Y acá estamos nosotros, siglos después, con el pan dulce, el árbol, las luces, Papá Noel, los regalos, la sidra, la cola del supermercado y el estrés de los precios. Todo un folklore hermoso que no tiene absolutamente nada que ver con Jesús. Nada.
No se trata de no celebrar. Se trata de no confundir el adorno con la persona. El pesebre con el Salvador. La fecha con el que llegó ese día para quedarse para siempre.
"Vino a los suyos, pero los suyos no lo recibieron."

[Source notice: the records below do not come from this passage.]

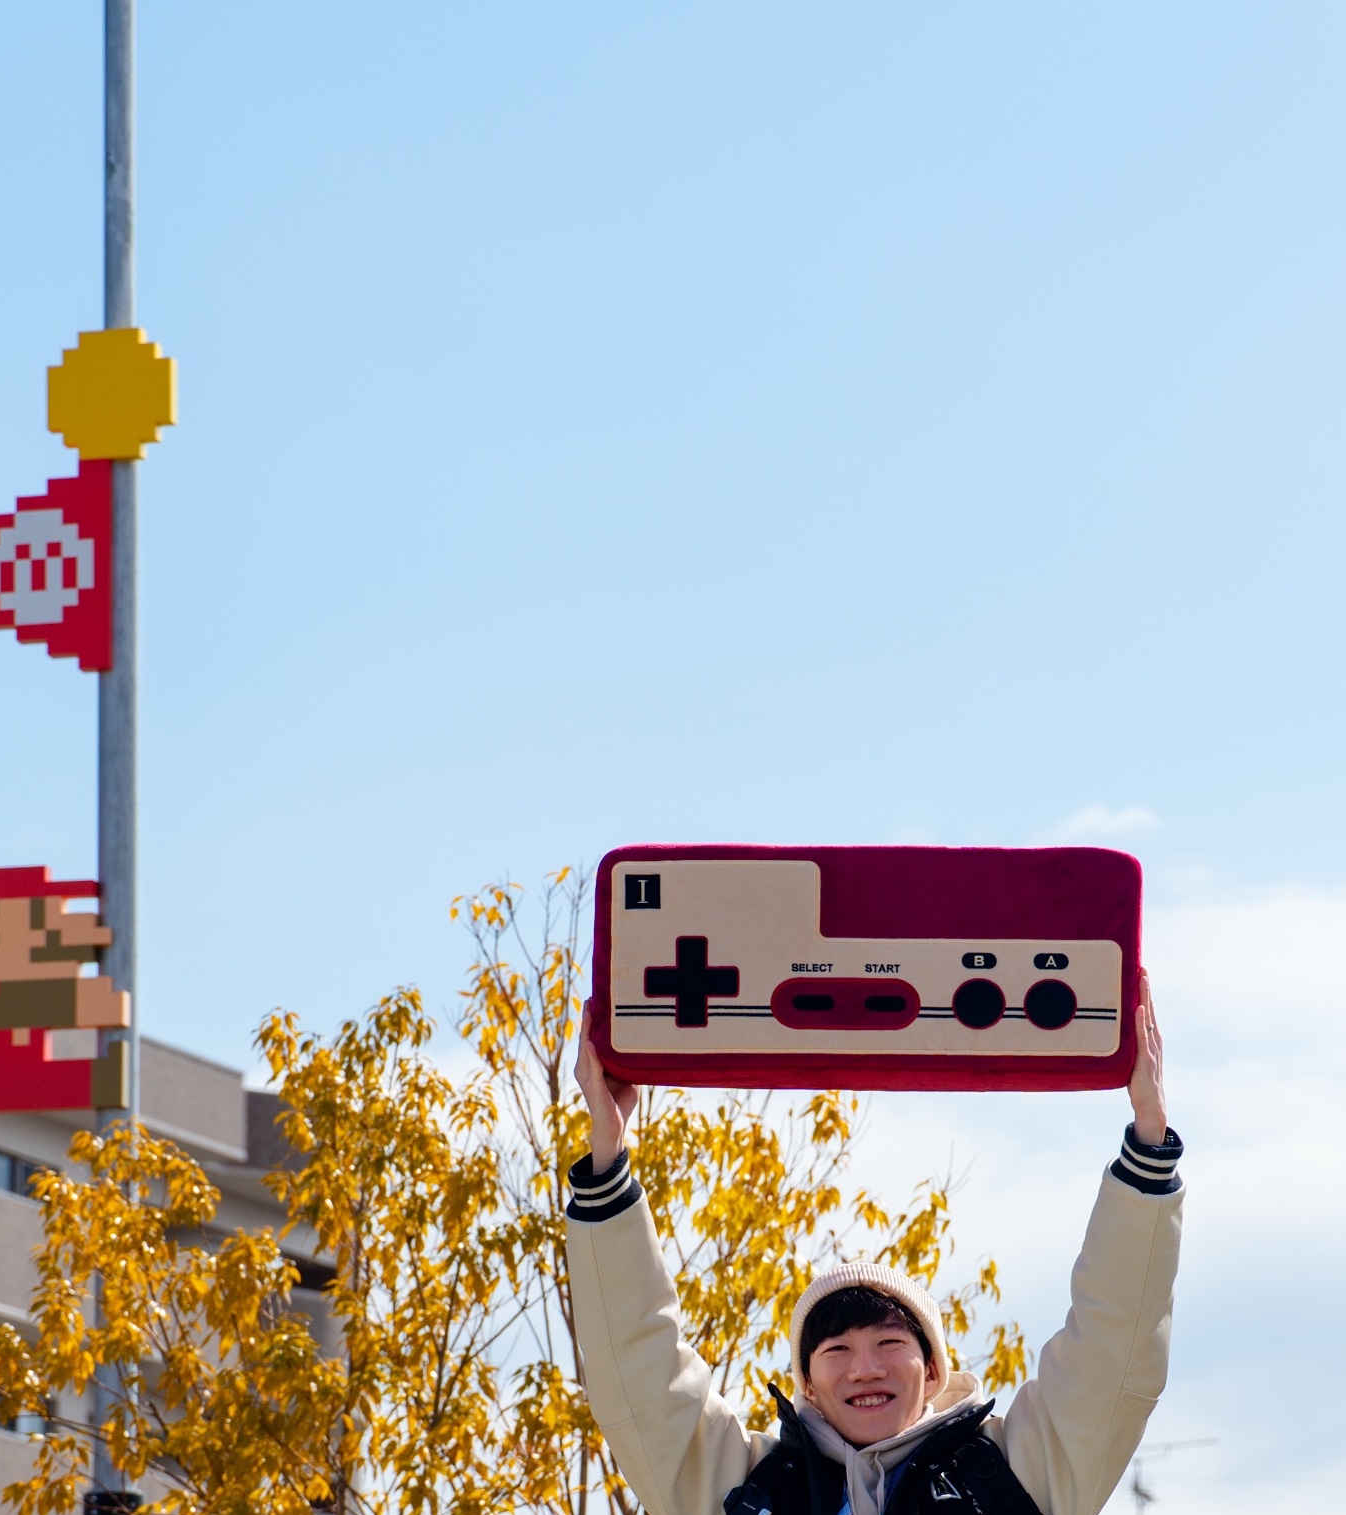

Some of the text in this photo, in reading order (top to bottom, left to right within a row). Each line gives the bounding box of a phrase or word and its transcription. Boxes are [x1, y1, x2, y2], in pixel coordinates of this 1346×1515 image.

[637, 879, 649, 904] I
[973, 955, 986, 967] B
[1044, 955, 1058, 968] A
[790, 962, 834, 973] SELECT
[864, 963, 901, 974] START

Juan 1:11 · NVIHay gente que nació en hogares cristianos, fue a la iglesia miles de veces, tiene una cruz colgada en la pared, la lleva en el pecho, y cuando muere hay una cruz en la sala del velatorio y en la lápida. Se puede amar la cruz sin haber entendido el mensaje de Jesús. Toda la vida cerca del símbolo y lejos de la persona. Eso me parte el alma. Porque no es la cruz lo que salva, ni el pesebre, ni la estrella. Es él.
"Y dio a luz a su hijo primogénito. Lo envolvió en pañales y lo acostó en un pesebre, porque no había lugar para ellos en la posada."
Lucas 2:7 · NVI¿Qué hacés con esto? Esta semana, antes de mandarte con los preparativos o los saludos navideños, hacete una pregunta honesta: ¿qué lugar real ocupa Jesús en todo esto? No te pido que tires el árbol ni que le expliques a tus hijos que Papá Noel no existe esta noche. Te pido algo más difícil: que en medio de todo lo que celebrás, haya un momento, aunque sea corto, donde Jesús no sea el muñequito del pesebre sino la persona central. Una conversación con tus hijos. Una oración que no sea de fórmula. Una decisión de que él no se quede en el adorno.
La Navidad más fiel al original fue la más silenciosa, la más humilde, la más inadvertida. Capaz que nosotros también podemos aprender algo de eso.